One of the largest cases in the U.S. today is a consolidated group of price-fixing cases in District Court in Chicago. In Re Broiler Chicken Antitrust Litigation, 290 F. Supp. 3d 772 (N.D. Ill. 2017) (order denying motions to dismiss and discussing the case). The consolidated antitrust cases involve allegations of a wide spread chicken price-fixing. Big Food Versus Big Chicken: Lawsuits Allege Processors Conspired To Fix Bird Prices (NPR 2/6/18).
The level of sales and potential damages are high. For instance, in 2014 the sales of broiler chickens in the U.S. was $32.7 Billion. That’s sales for one year. The classes have not been certified yet, but discovery is underway in the consolidated cases.

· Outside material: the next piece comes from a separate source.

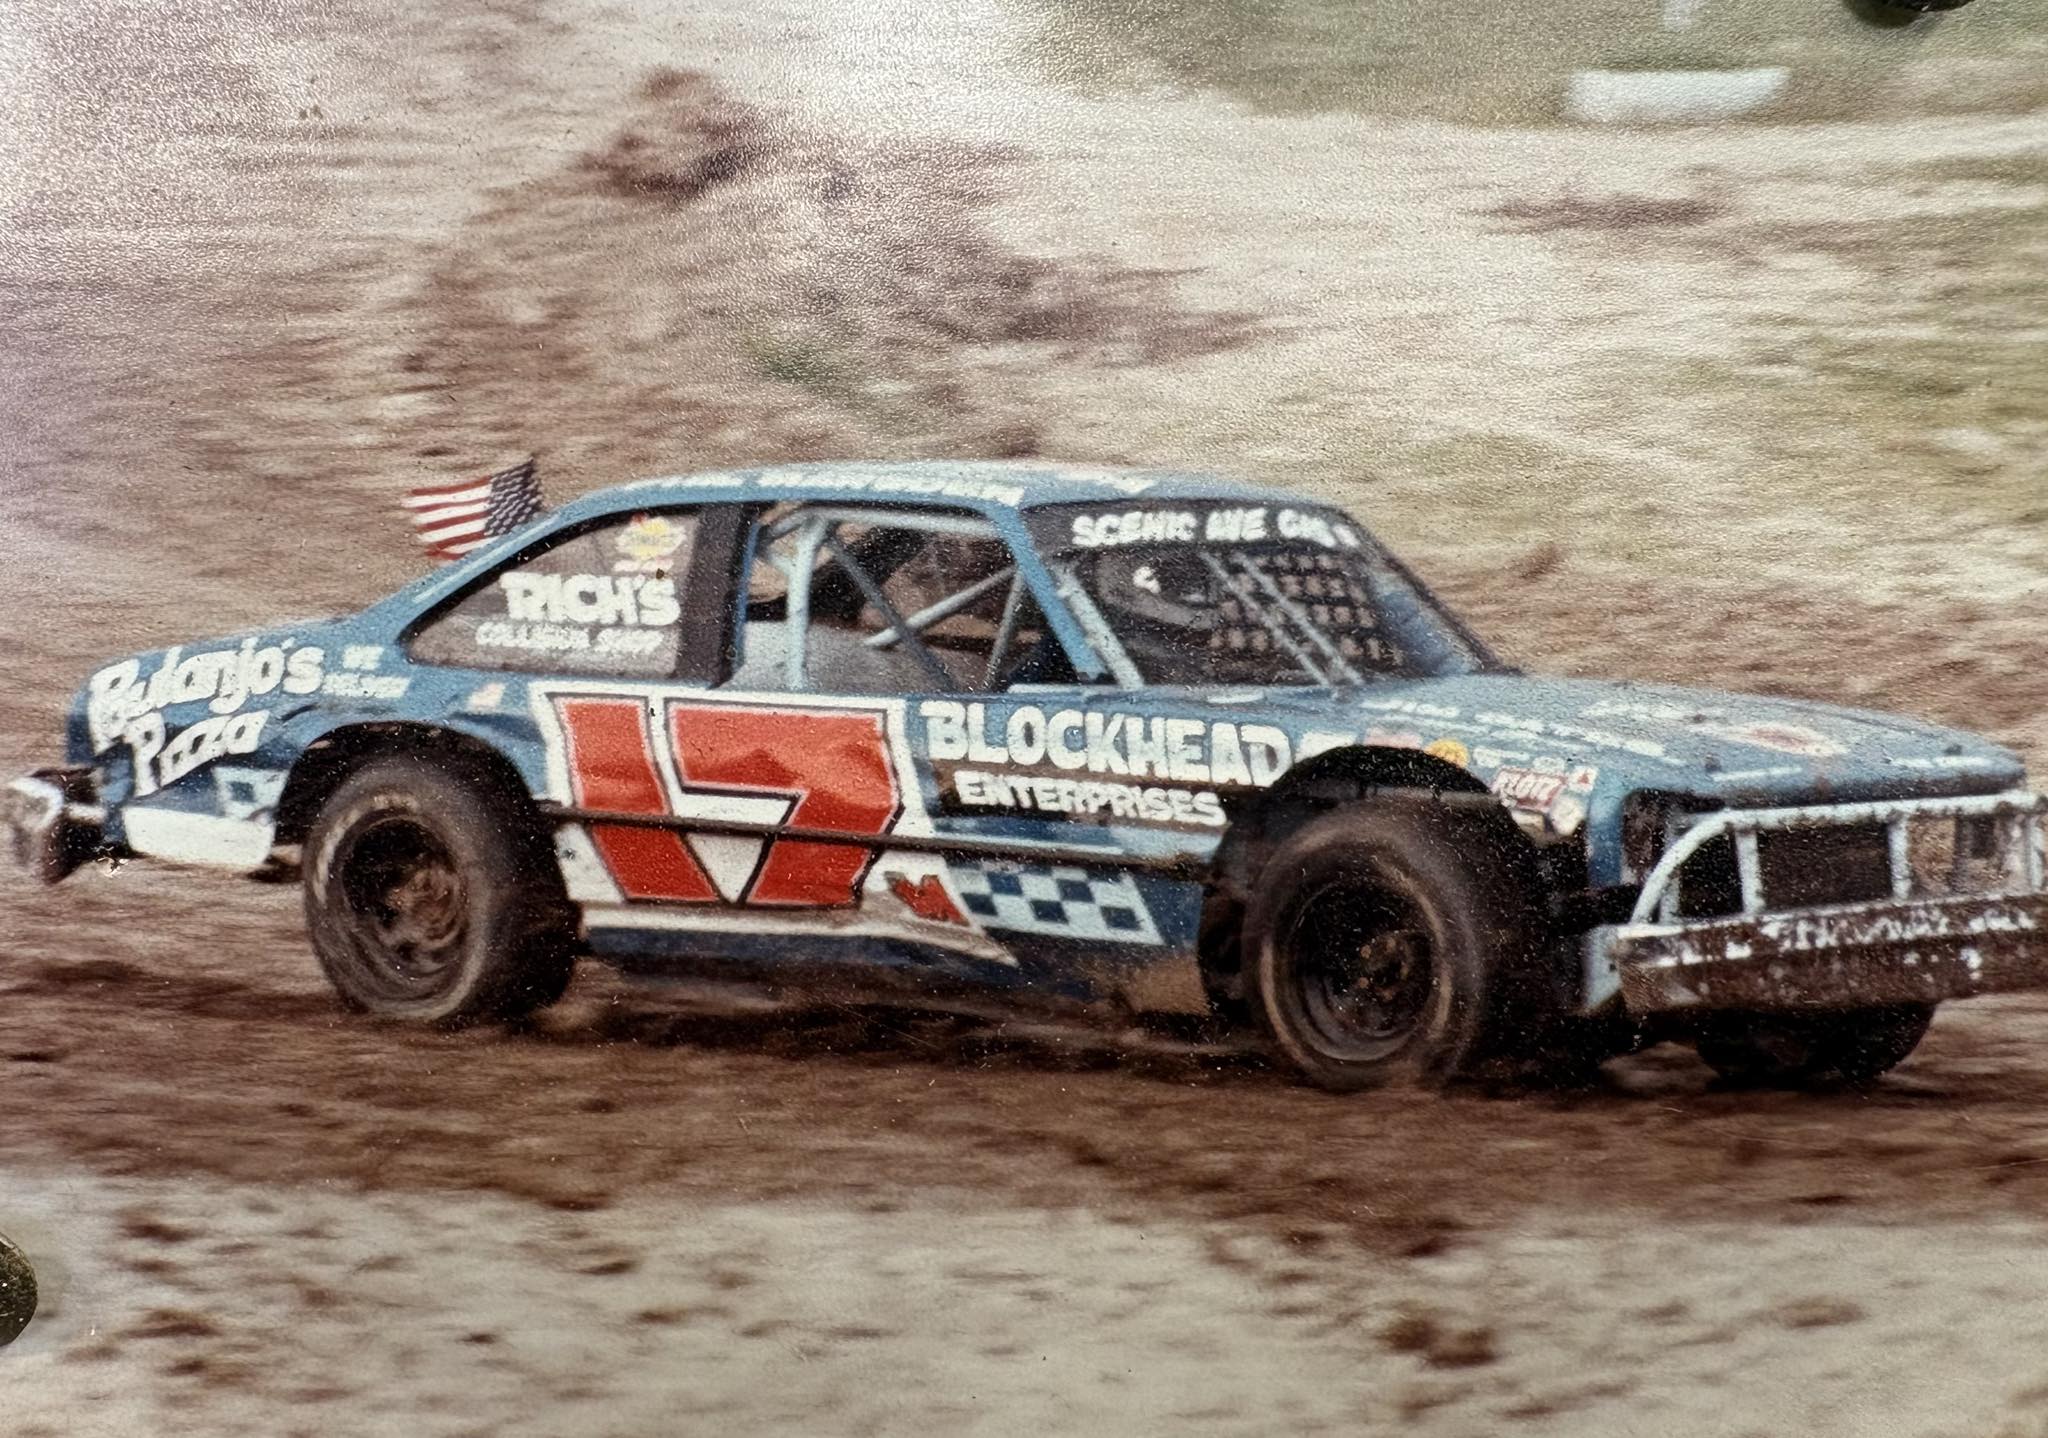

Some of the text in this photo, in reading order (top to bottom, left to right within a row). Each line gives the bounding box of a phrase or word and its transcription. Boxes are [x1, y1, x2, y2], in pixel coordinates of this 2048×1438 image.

[500, 571, 682, 626] RICH'S
[919, 700, 1294, 788] BLOCKHEAD
[546, 692, 904, 909] 17
[954, 770, 1228, 826] ENTERPRISES

The Broiler Chicken case is not only big money, but big e-discovery. A Special Master (Maura Grossman) was appointed months ago and she developed a unique e-discovery validation protocol order for the case. See: TAR for Smart Chickens, by John Tredennick and Jeremy Pickens that analyzes the validation protocol.

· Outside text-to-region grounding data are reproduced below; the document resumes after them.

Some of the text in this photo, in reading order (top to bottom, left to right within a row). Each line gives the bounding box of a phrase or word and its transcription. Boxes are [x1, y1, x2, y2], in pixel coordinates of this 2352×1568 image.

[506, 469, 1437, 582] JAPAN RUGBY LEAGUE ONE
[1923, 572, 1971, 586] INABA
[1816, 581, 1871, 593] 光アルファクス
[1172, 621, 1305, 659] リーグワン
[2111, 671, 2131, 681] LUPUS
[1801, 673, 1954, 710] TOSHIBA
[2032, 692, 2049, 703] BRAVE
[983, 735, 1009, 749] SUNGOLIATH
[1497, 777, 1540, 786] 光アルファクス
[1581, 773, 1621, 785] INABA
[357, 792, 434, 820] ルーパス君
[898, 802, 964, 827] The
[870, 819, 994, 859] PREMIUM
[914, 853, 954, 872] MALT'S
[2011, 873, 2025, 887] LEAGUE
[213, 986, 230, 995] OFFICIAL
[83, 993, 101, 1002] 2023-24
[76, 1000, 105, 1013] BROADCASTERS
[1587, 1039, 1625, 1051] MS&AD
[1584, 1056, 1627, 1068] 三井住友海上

Maura was not involved in the latest discovery dispute where, Agri Stats, one of many defendants, claimed a request for production was too burdensome as to it. The latest problem went straight to the presiding Magistrate Judge Jeffrey T. Gilbert who issued his order on July 26, 2018. In re Broiler Chicken Antitrust Litig., 2018 WL 3586183 (N.D. Ill. 7/26/18).
Agri Stats had moved for a protective order to limit an email production request. Agri Stats claimed that the burden imposed was not proportional because it would be too expensive. Its lawyers told Judge Gilbert that it would cost between $1,200,000 and $1,700,00 to review the email using the keywords negotiated.
I assume that there were hearings and attorney conferences before the hearings. But I do not know that for sure. I have not seen a transcript of the hearings with Judge Gilbert. All we know is that defense counsel told the judge that under the keywords selected the document review would cost between $1,200,000 and $1,700,000, and that they had no explanation on how the cost estimate was prepared, nor any specifics as to what it covered. Although I was not there, after four decades of doing this sort of work, I have a pretty good idea of what was or might have been said at the hearing.
This representation of million dollar costs by defense counsel would have gotten the attention of the judge. He would naturally have wanted to know how the cost range was calculated. I can almost hear the judge say from the bench: “$1.7 Million Dollars to do a doc review. Yeah, ok. That is a lot of money. Why so much counsel? Anyone?” To which the defense attorneys said in response, much like the students in Ferris Beuller’s class:
“. . . . . .”
Yes. That’s right. They had Nothing. Just Voodoo Economics
Well, Judge Gilbert’s short opinion makes it seem that way. In re Broiler Chicken Antitrust Litig., 2018 WL 3586183 (N.D. Ill. 7/26/18).
If a Q&A interchange like this happened, either in a phone hearing, or in person, then the lawyers must have said something. You do not just ignore a question by a federal judge. The defense attorneys probably did a little hemming and hawing, conferred among themselves, and then said something to the judge like: “We are not sure how those numbers were derived, $1.2M to $1.5M, and will have to get back to you on that question, Your Honor.” And then, they never did. I have seen this kind of thing a few times before. We all try to avoid it. But it is even worse to make up a false story, or even present an unverified story to the judge. Better to say nothing and get back to the judge with accurate information.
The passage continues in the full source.